BATON ROUGE, La. (BRPROUD) – There are few things more refreshing than the feeling of being understood and valued by someone we respect.

This feeling is one of the hallmarks of a healthy friendship, and a number of our culture’s most renowned writers, philosophers, and health experts agree that solid friendships contribute much to health and wellness.

In poverty and other misfortunes of life, true friends are a sure refuge. They keep the young out of mischief; they comfort and aid the old in their weakness, and they incite those in the prime of life to noble deeds.


So, according to scientists and health experts, how does friendship impact our well-being?

Check out the five ways detailed below:

#1 Friendship can protect one’s overall health

Dr. Natalie Geld, a Neuroscientist who contributed to a Bumble article on the subject of friendship pointed out that loneliness can increase inflammation, trigger stress hormones, and weaken the immune system.

On the other hand, relying on friends for connections that are truly fulfilling succeeds in combating loneliness and in helping a person to “develop healthy brain cells and strengthen positive neural pathways” in the brain.

#2 Friendships assist in navigating stressful situations

It can be difficult to maintain a positive outlook amid a stressful situation. But when a person has friends to buoy them along, they’re better equipped to deal with stress.

Dr. Geld describes how our bodies make this possible.

She explains that when we’re enjoying time with a friend, “A powerful cocktail of oxytocin, dopamine, and serotonin (all your feel-good hormones) elevate your mood and optimize your hormonal response to stress.”

#3 Friendships increase feelings of security, happiness

In our COVID-era world, most of us have grown used to lives on ever-shifting landscapes. We ride one unsteady wave along to the next, learning to adapt to natural disasters, viral outbreaks, and related economic problems.

But this ability to adapt often comes at a cost. Many have lost the sense of security they had pre-COVID, and some even find that their laughter doesn’t come as easily as it did before 2020.

This is where friendships can heal.

Dr. Geld explains that when we’re with close friends who make us feel understood, “oxytocin – the trust and love hormone – is released into your bloodstream. Oxytocin triggers a fountain of serotonin and dopamine. (Those feel-good hormones again!)” 

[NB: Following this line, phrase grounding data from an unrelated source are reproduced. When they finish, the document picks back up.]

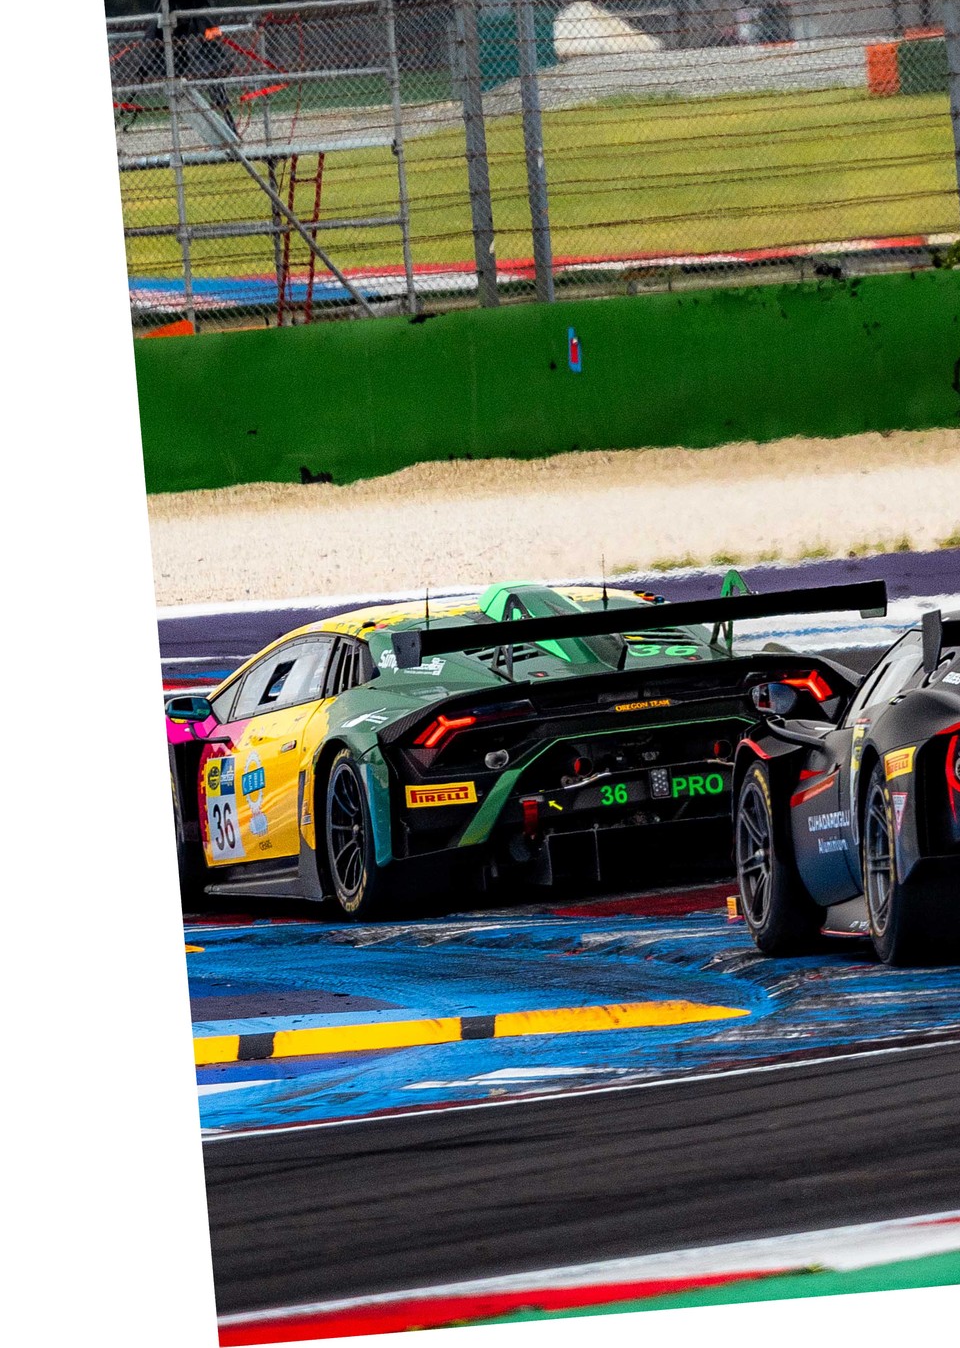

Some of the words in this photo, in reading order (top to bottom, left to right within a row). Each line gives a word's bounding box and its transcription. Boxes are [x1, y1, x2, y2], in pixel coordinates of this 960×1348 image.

[628, 644, 699, 657] 36
[615, 701, 648, 712] OREGON
[649, 698, 671, 708] TEAM
[410, 786, 469, 803] PIRELLI
[600, 783, 628, 805] 36
[671, 773, 724, 798] PRO
[213, 802, 236, 851] 36
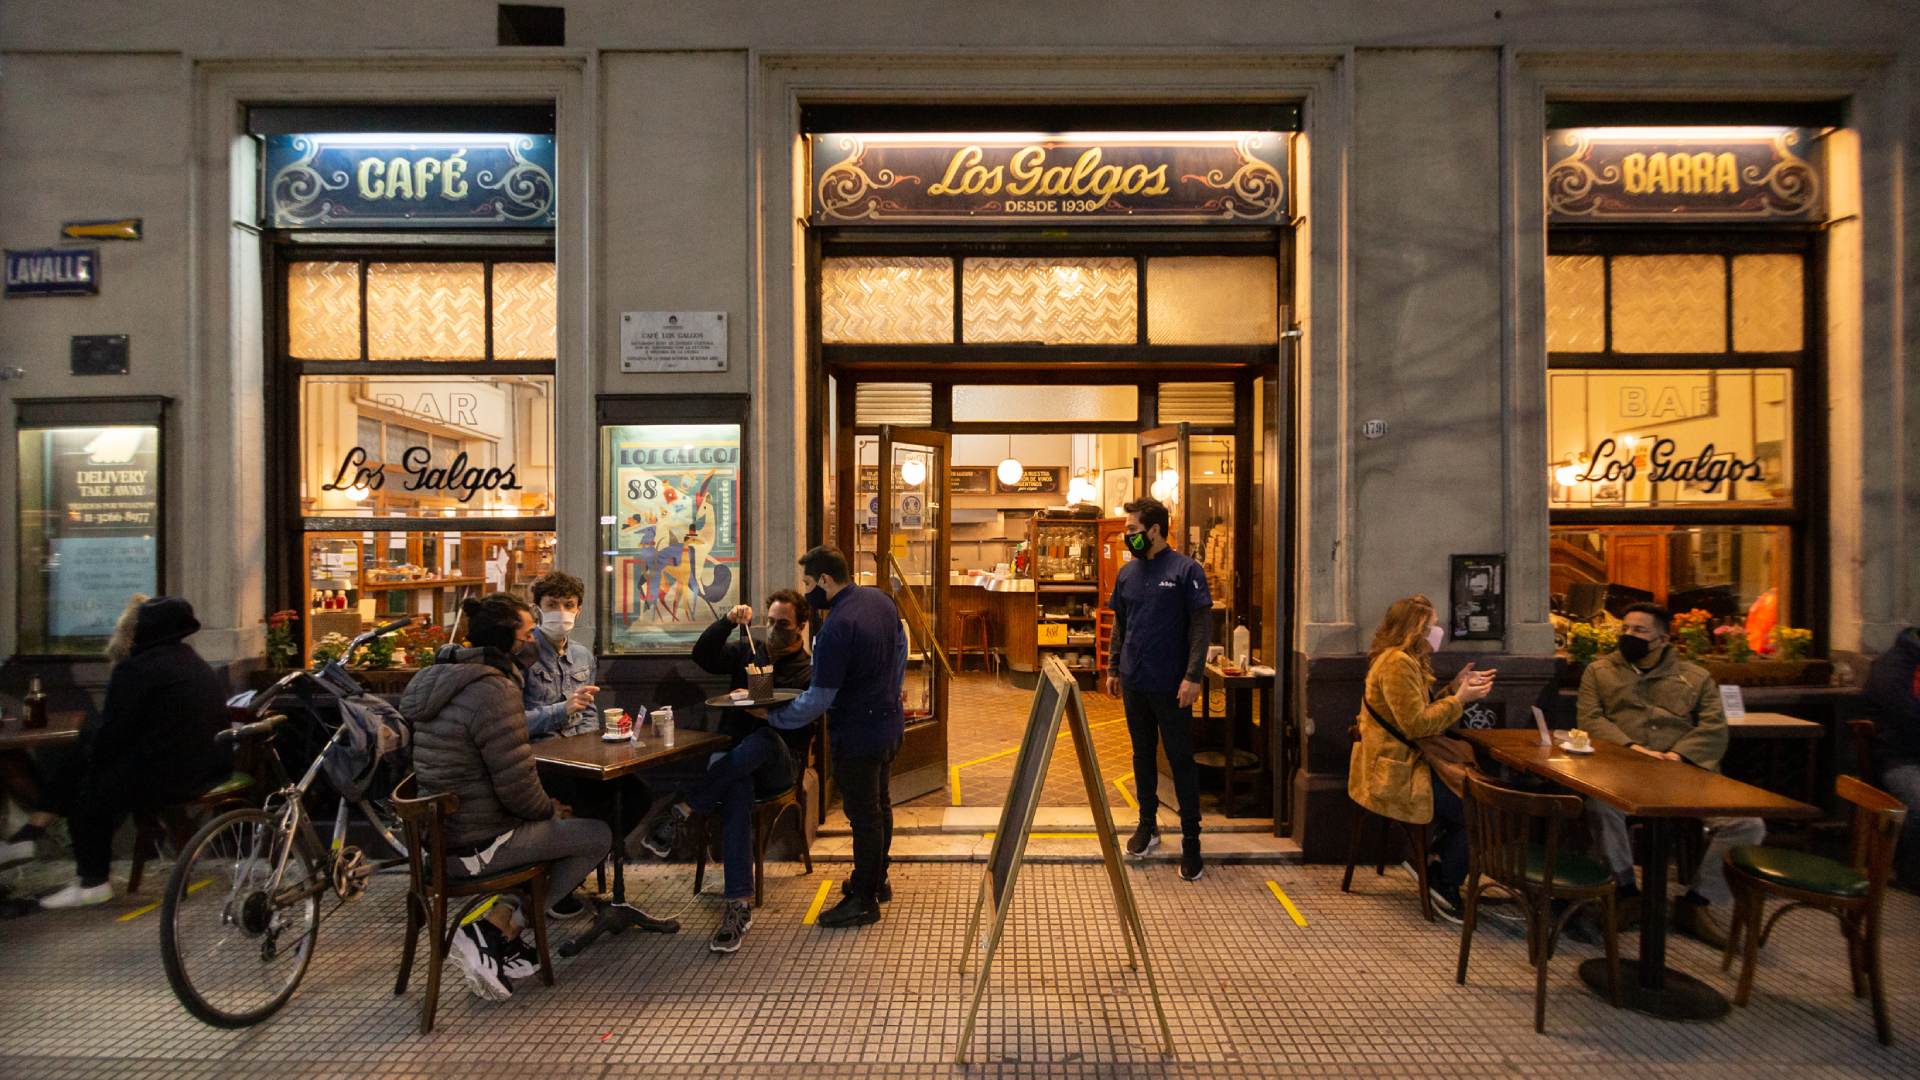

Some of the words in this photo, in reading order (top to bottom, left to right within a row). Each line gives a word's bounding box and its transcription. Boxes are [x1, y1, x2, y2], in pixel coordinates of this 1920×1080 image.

[358, 149, 468, 200] CAFÉ
[927, 145, 1004, 197] Los
[1005, 145, 1169, 210] Galgos
[1623, 152, 1740, 194] BARRA
[1005, 201, 1057, 213] DESDE
[1062, 201, 1095, 212] 1930
[8, 256, 90, 284] LAVALLE
[376, 392, 479, 425] BAR
[1365, 422, 1386, 434] 1791
[620, 449, 658, 465] LOS
[1575, 438, 1636, 482] Los
[1647, 438, 1766, 494] Galgos
[76, 470, 147, 483] DELIVERY
[321, 446, 385, 491] Los
[402, 446, 523, 503] Galgos
[78, 485, 111, 496] TAKE
[112, 485, 145, 496] AWAY
[627, 479, 657, 499] 88

In other words, when oxytocin is released, we begin to feel secure again.

Dr. Geld says that even just thinking about the friend(s) who trigger this response will release that feel-good hormone. This can give us the fortitude we need to get through life’s ups and downs.

It’s also possible to recover our pre-pandemic sense of humor via friendship.

When we’re with good friends we often find ourselves laughing, and when this happens, Dr. Geld says, “neurochemicals called endorphins are released. These chemicals clear your cell memory and open a natural flow of information chemicals. Suddenly, you feel super happy! You have more bandwidth to learn, grow, and face reality when you get regular hits of these neurochemicals.”

#4 Friendships can improve longevity

Health experts agree that connecting with friends who bring us joy can improve our physical health and life expectancy.

In an article on the topic, Psychology Today points to research involving elderly individuals and friendship. It states, “Studies have shown that older people with friends are more likely to live a healthier happier life than those who do not have many close friends. Older people without close friends are more likely to develop chronic diseases such as heart disease, diabetes, and depression than their counterparts.”

The article adds, “Although family members are usually the caretakers to the elderly, they often do so out of obligation whereas lifelong friends provide endless joy with no strings attached.”

#5 Friends keep us humble

It’s been said that the only thing more dangerous than ignorance is arrogance, and when we’re on our own it’s easy to slip, fall, and get stuck in our own perception of life. This can lead to becoming a bit short-sighted and arrogant.

But one of the best things about a true friend is that they won’t hesitate to give us a reality check when needed.

According to Dr. Kristen Fuller’s article in Psychology Today, ” It could be the ridiculous outfit we are wearing or the boyfriend cheating on us. True friends bring the harsh truth in front of us… The beauty of true friends is they will tell you like it is, but from a good place in their heart.”

As illustrated in the five explanations above, there are multiple reasons to appreciate good friendships and do our best to hold onto them.